The latest subject is the Department of Defense, whose new $1.2 billion AHLTA system (which is actually the renamed old system, CHCS II) is claimed by users to be so slow that they have to reduce their patient schedules by one-third. Patients are being diverted to emergency departments and routine checkups aren’t being done.
Maybe this is telling us that we don’t look hard enough at a system’s impact on user productivity. I don’t recall ever having heard of a health care organization that measured how long it takes to write an order, document care, or write a prescription, comparing times before a system install and after. I’ve never heard of someone choosing a particular system because it’s faster for the caregiver, or in many cases, even giving the caregivers a peek at it before the decision to buy is made.
I’ve also not heard of an organization budgeting additional staff to offset reduced productivity with automation. The reason is there’s not supposed to be any slowdown. Everybody knows that computers improve productivity, right?

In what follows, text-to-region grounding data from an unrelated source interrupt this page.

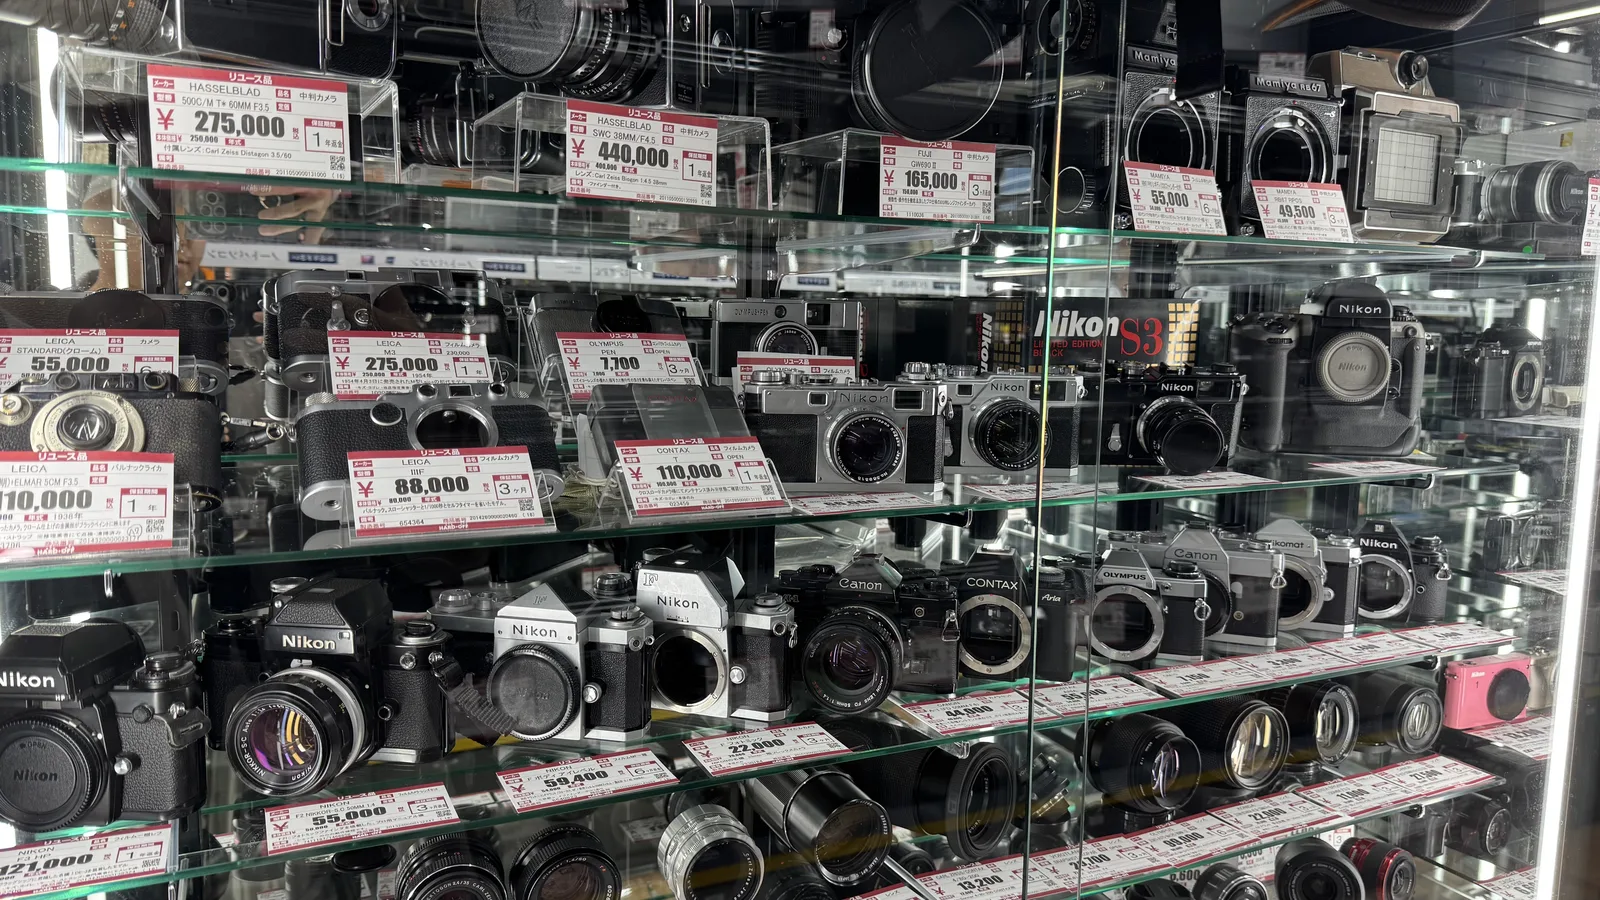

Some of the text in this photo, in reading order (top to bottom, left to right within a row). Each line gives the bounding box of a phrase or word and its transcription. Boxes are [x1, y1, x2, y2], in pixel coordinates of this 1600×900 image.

[1134, 51, 1177, 67] Mamiya
[229, 73, 272, 85] リユース品
[1256, 77, 1322, 92] Mamiya RB67
[190, 82, 337, 103] HASSELBLAD 中判カメラ
[182, 97, 214, 107] 500C/M
[229, 101, 251, 110] 60MM
[254, 103, 269, 111] F3.5
[628, 109, 660, 120] リユース品
[195, 111, 284, 138] 275,000
[598, 117, 709, 137] HASSELBLAD 中判カメラ
[190, 135, 218, 143] 250,000
[314, 132, 320, 147] 1
[593, 129, 655, 144] SWC 38MM/F4.5
[599, 142, 668, 168] 440,000
[596, 162, 617, 171] 400,000
[689, 164, 694, 176] 1
[905, 170, 957, 190] 165,000
[972, 184, 979, 196] 3
[1151, 190, 1189, 207] 55,000
[1203, 204, 1210, 213] 6
[1280, 205, 1315, 218] 49,500
[1330, 215, 1336, 223] 3
[1339, 304, 1382, 314] Nikon
[1034, 310, 1163, 356] Nikon S3
[981, 312, 993, 373] Nikon
[1033, 340, 1103, 348] LIITED EDITION
[31, 357, 110, 372] 55,000
[365, 357, 438, 371] 275,000
[600, 357, 640, 371] 7,700
[669, 364, 677, 373] 3
[1338, 363, 1367, 372] Nikon
[990, 383, 1025, 392] Nikon
[1161, 383, 1194, 392] Nikon
[839, 393, 889, 403] Nikon
[38, 453, 87, 461] リユース品
[657, 464, 722, 481] 110,000
[744, 471, 752, 481] 1
[395, 476, 469, 495] 88,000
[499, 483, 511, 495] 3
[127, 499, 135, 512] 1
[1359, 538, 1398, 549] Nikon
[1174, 549, 1218, 561] Canon
[642, 573, 659, 586] F
[1103, 571, 1147, 581] OLYMPUS
[839, 578, 882, 591] Canon
[967, 577, 1018, 590] CONTAX
[657, 595, 699, 609] Nikon
[1042, 594, 1061, 602] Aria
[512, 624, 557, 638] Nikon
[282, 635, 335, 650] Nikon
[0, 672, 55, 688] Nikon
[945, 706, 993, 717] 44,000
[728, 739, 785, 754] 22,000
[13, 770, 57, 781] Nikon
[545, 765, 572, 773] NIKON
[634, 767, 645, 775] 6
[544, 770, 608, 788] 59,400
[320, 801, 350, 809] NIKON
[313, 806, 387, 826] 55,000
[1163, 832, 1205, 847] 99,000
[18, 846, 55, 855] NIKON
[0, 854, 93, 876] 121,000
[957, 875, 1004, 890] 13,200

If that was the case, all those PCs that hospitals have deployed would have caused huge staff reductions. I haven’t heard of that either. Sales prospects are easily impressed with unrealistic projected staff reductions that never seem to materialize.
It gets worse when users are hard-to-find licensed staff, such as nurses or pharmacists. A system that takes up more of their time, no matter what benefits it provides to someone else, may create a staffing dilemma that directly impacts patient care.
This is a customer problem, not a vendor problem. If customers demanded productivity gains for their users, vendors would respond (or lose business). This goes back to a generally casual regard for usability testing — never a priority in the mainframe days and not improved very much since in health care.
Local configuration options make it hard to evaluate an off-the-shelf vendor system upfront to determine workflow impact. You could ask the vendor’s customers, though. Arrange to time how long it takes to chart a med as given, to create a progress note, or to enter an order set as a physician. Then, compare that with the time required by your current process.
You don’t need the vendor’s help to do this. You might want a management engineer to look over your shoulder for consistency in measurement. Otherwise, all it takes is for hospitals to talk to each other, which they’re usually pretty good about doing.
I don’t know about you, but I’d rather not be in the hot seat to answer this question from clinicians — do you want us to take care of patients or to use your system?